- Born: Abigail Howard August 3, 1992 (age 34) Jackson, Mississippi, U.S.
- Occupations: Comics creator, video game developer
- Years active: 2019–present
- Spouse: Tony Arias
- Website: blacktabbygames.com abbyhowardart.myportfolio.com

= Abby Howard =

American webcomic artist

Abigail Howard (born August 3, 1992) is an American webcomic creator and video game developer from Charlotte, North Carolina. She is the co-founder of indie game studio Black Tabby Games, and created the comics Junior Scientist Power Hour, The Last Halloween, and The Crossroads At Midnight.

==Biography==
Howard was born on August 3, 1992, in Jackson, Mississippi and grew up in Charlotte, North Carolina. She attended McGill University in Montreal, majoring in Biology with a specialization in Evolution. She enjoyed learning about life history, but did not enjoy the math, chemistry, and microbiology classes that were a part of her degree. She describes herself as “a wretched student, all I wanted to do was draw pictures.” She started Junior Scientist Power Hour in the summer of 2012. With only 27 comics to her name, she entered Strip Search. Despite placing second, she was able to quit school and become a full-time cartoonist, as noted in her comic "Screaming Constantly". Howard is married to Tony Arias, with whom she co-founded the indie game studio Black Tabby Games. The couple live in Toronto.

==Works==
===Junior Scientist Power Hour===
Junior Scientist Power Hour was a weekly episodic webcomic by Howard, usually focusing on topics such as her daily life and parodies of pop culture. From the Facebook page, "it's about her incredibly interesting life with her cat, and sometimes it is also about other things." The panels tend to be hand-drawn black and white; however, there is one notable exception. The band members in the strip “Tupper Ware Remix Party” are brightly colored and subsequent strips featuring them are in color as well. Abby's art style is influenced by that of Jhonen Vasquez. She was especially influenced by his comic Johnny the Homicidal Maniac. Howard describes herself primarily as a traditional artist, but she does use digital art for coloring panels.

===Strip Search===
Howard was selected as one of the twelve contestants for Penny Arcade's webcomic based reality competition show Strip Search. She was the only contestant who competed using traditional media. Howard built up a following, who called themselves “Team Tangent.”

===The Last Halloween===
After competing in Strip Search, Howard created a Kickstarter for her next project, The Last Halloween. It was pitched as an episodic horror-comedy comic, and was crowdfunded within 20 minutes. The Kickstarter raised $126,507 of the $9,000 goal.

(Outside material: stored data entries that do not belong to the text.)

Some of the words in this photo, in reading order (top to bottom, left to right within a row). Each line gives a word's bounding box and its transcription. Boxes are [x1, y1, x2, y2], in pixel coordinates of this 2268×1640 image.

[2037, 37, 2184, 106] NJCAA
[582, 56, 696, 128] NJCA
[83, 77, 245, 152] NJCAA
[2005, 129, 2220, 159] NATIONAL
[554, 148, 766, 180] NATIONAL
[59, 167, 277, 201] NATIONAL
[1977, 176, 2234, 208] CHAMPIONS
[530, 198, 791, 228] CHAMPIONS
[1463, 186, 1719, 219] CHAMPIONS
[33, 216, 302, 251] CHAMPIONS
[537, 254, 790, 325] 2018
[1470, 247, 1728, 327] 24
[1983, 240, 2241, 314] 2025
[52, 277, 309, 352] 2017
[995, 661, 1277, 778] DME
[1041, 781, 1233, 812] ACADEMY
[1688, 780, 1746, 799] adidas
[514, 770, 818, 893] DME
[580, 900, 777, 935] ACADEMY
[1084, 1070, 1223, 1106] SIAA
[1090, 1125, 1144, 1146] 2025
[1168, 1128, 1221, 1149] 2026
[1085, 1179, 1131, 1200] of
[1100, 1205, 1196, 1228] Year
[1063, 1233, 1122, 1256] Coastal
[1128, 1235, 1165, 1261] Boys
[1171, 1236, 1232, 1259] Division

The Last Halloween began October 8, 2013 (September 18, 2013 for Kickstarter backers). While the art style is similar to Junior Scientist Power Hour, it features more detailed illustrations, locations, and a continuing story. The comic is influenced by horror films, which Howard is admittedly a fan of.

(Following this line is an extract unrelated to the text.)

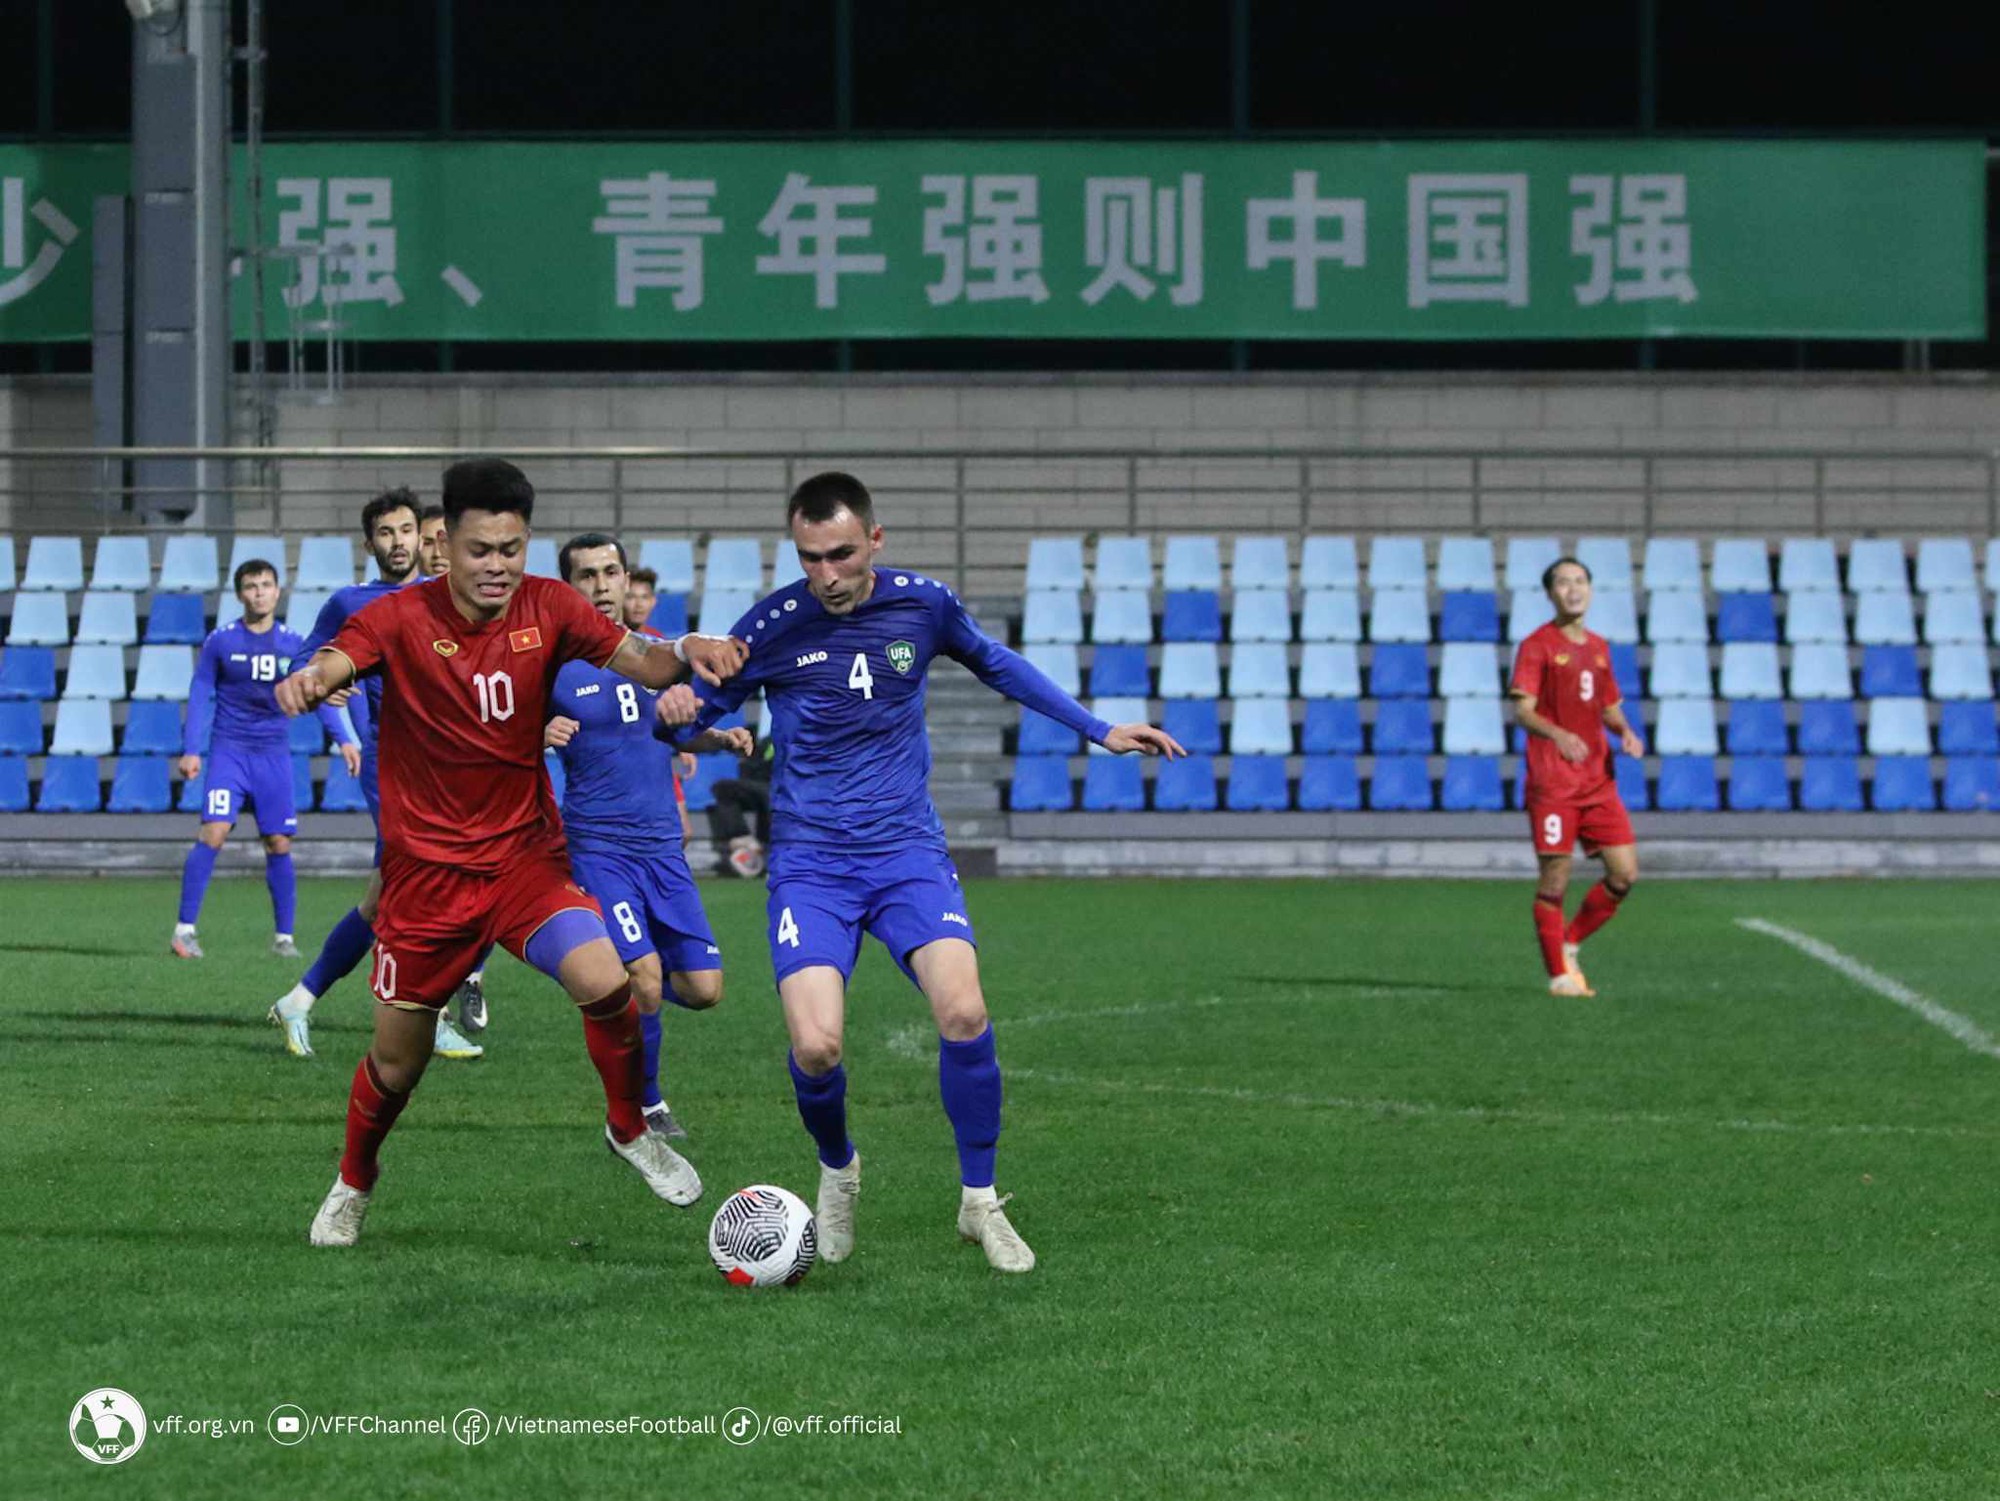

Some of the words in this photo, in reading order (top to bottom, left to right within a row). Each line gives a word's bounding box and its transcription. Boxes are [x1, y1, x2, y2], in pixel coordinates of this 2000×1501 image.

The story follows a young girl named Mona who finds herself tasked with saving the world when billions of monsters suddenly spill into the human world one Halloween night. Howard first conceptualized the story in high school, and pitched it for the finale of Strip Search. Although she lost, she chose to launch a Kickstarter for it anyway, and was successful. She describes her comic as partly being a response to uninspiring horror media, such as bland male power fantasies with uncreative monsters and hollow plots. Howard has the entire story written out in advance; she prefers this method of story-telling, as she can insert Easter eggs and foreshadowing.

===Scarlet Hollow===
In 2019, Howard and her boyfriend (later husband) Tony Arias co-founded Black Tabby Games, an indie game studio responsible for episodic horror visual novel Scarlet Hollow. The first episode of Scarlet Hollow released in September 2020, the second released in June 2021, the third released in March 2022.

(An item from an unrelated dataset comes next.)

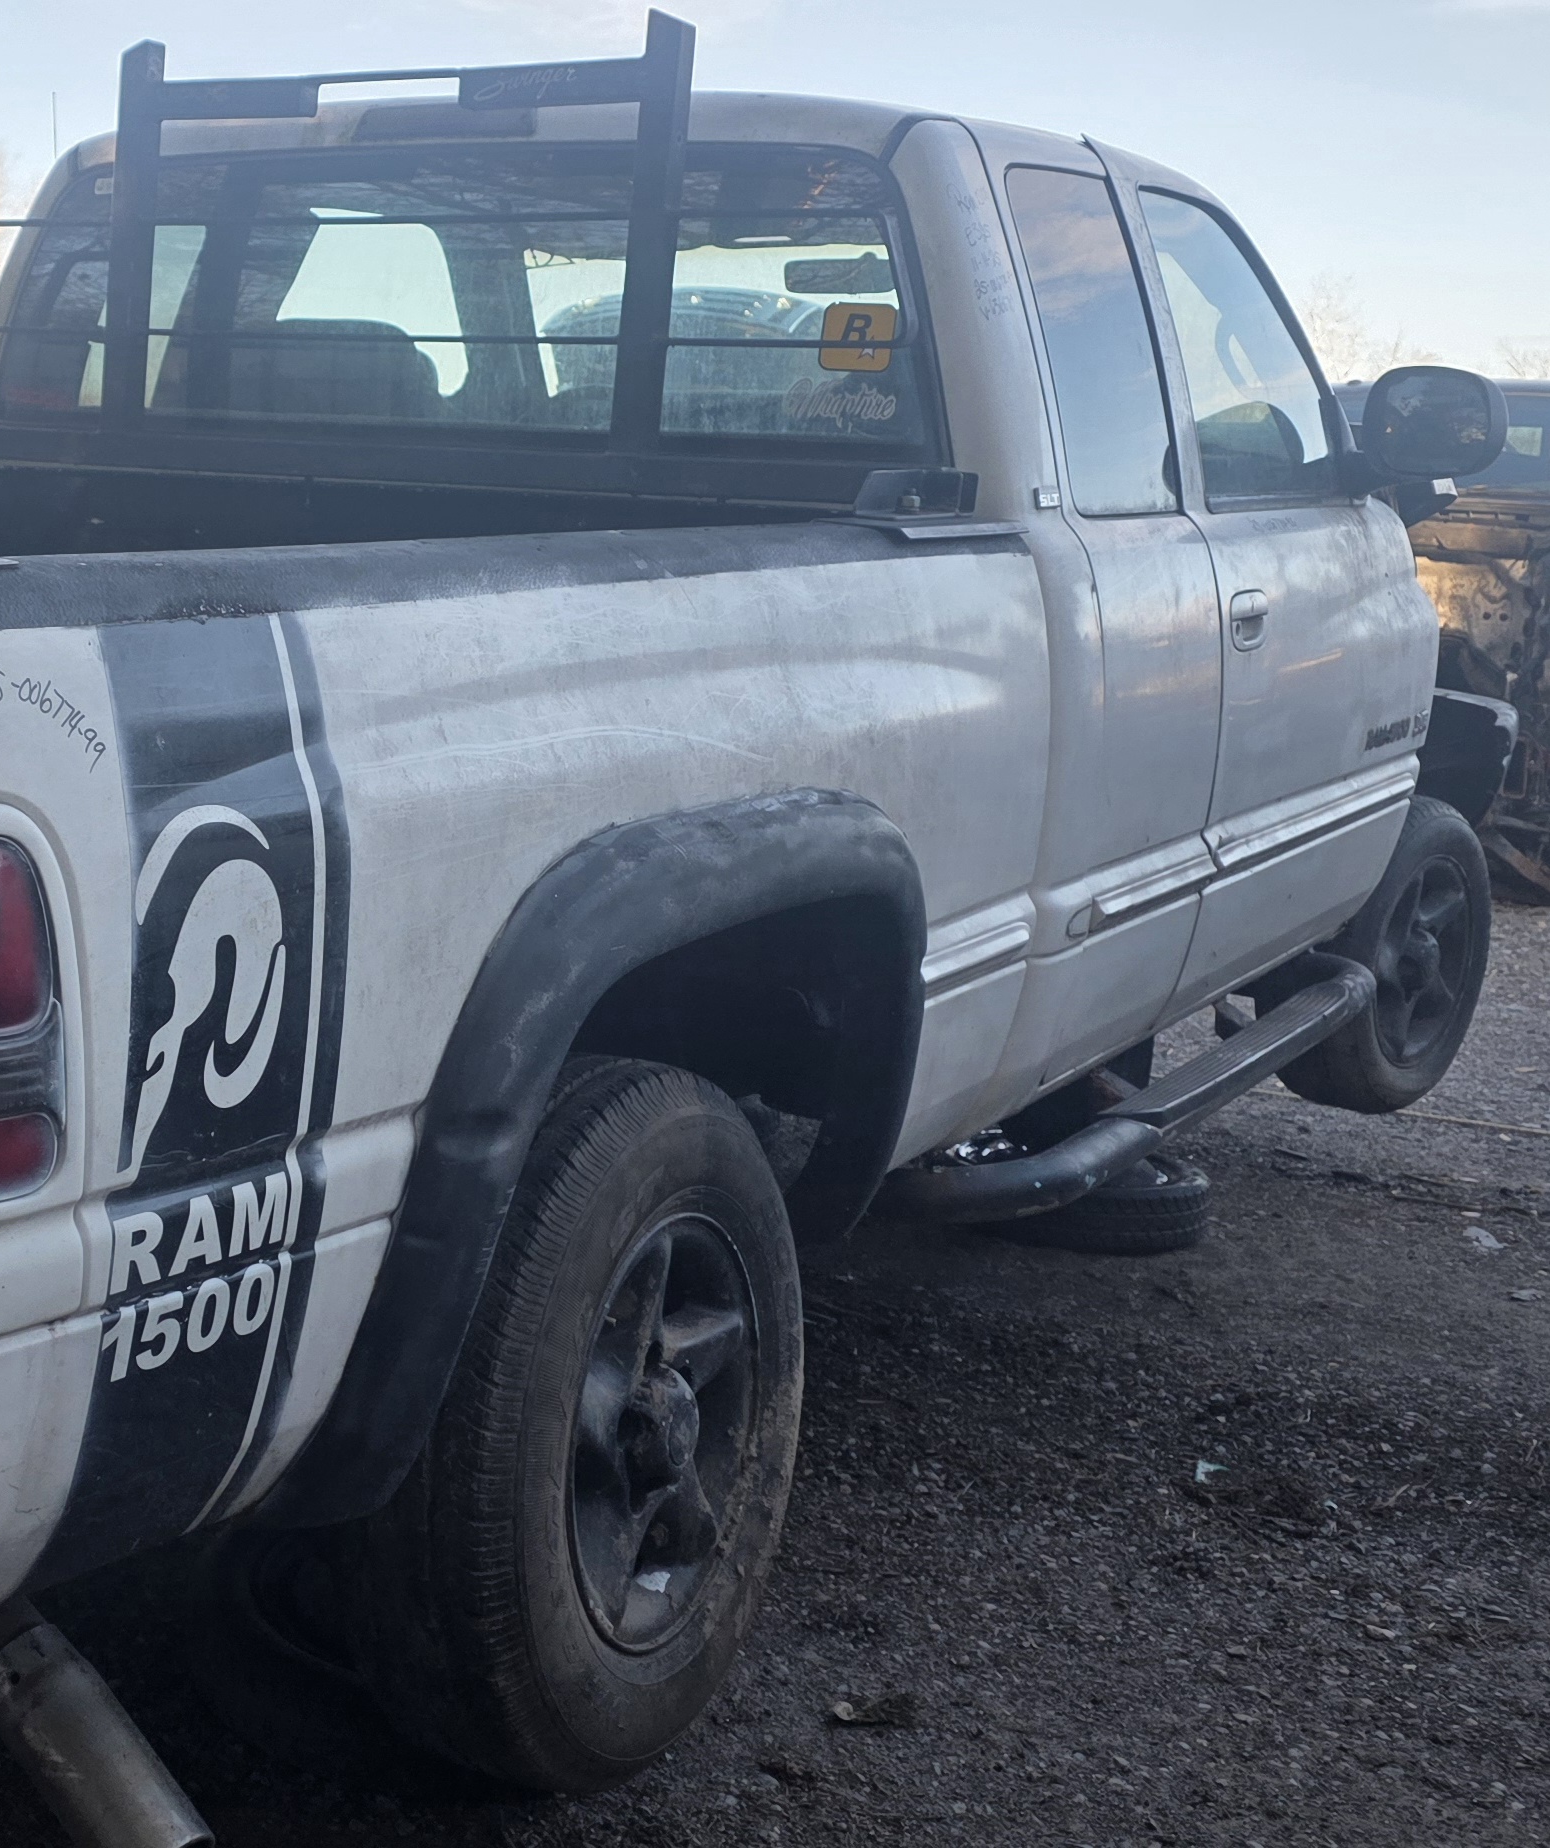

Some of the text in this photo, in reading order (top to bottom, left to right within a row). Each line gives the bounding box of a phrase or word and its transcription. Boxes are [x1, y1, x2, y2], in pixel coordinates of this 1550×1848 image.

[841, 313, 872, 343] R
[1039, 493, 1061, 507] SLT
[109, 1171, 288, 1296] RAM
[101, 1263, 275, 1383] 1500

Scarlet Hollow follows a customizable protagonist as they meet their estranged family for the first time in the titular town. Visiting for their aunt's funeral, they find themselves caught between reconciling with their cousin, Tabitha, and solving a supernatural mystery tied to the town's past.

After releasing its first episode, Scarlet Hollow went on to a successful Kickstarter, where the game hit its initial funding goal in the first day. Following the Kickstarter, Scarlet Hollow was also a finalist in the AT&T Unlocked Games awards, where it received both the runner-up and audience choice prizes.

The game has also received critical praise, with John Walker of Kotaku describing it as "one of the best narrative games [he's] played."

===Slay the Princess===
In 2022, Black Tabby Games announced their second game, entitled Slay the Princess. Like Scarlet Hollow, it is a horror-based visual novel, and follows a nameless protagonist ordered by an unseen narrator to kill the princess imprisoned within the woods.

Black Tabby Games released a demo of the game for Steam Next Fest. They were present at PAX East 2023, where they debuted an extended demo. The full game launched on October the 23rd of that year.

===Other===
Howard created the 2016 comic The Portrait of Sal Pullman with writer Lonnie Nadler. She wrote and illustrated the graphic novel Dinosaur Empire!, a volume in the Earth Before Us series from Abrams Books, published August 1, 2017.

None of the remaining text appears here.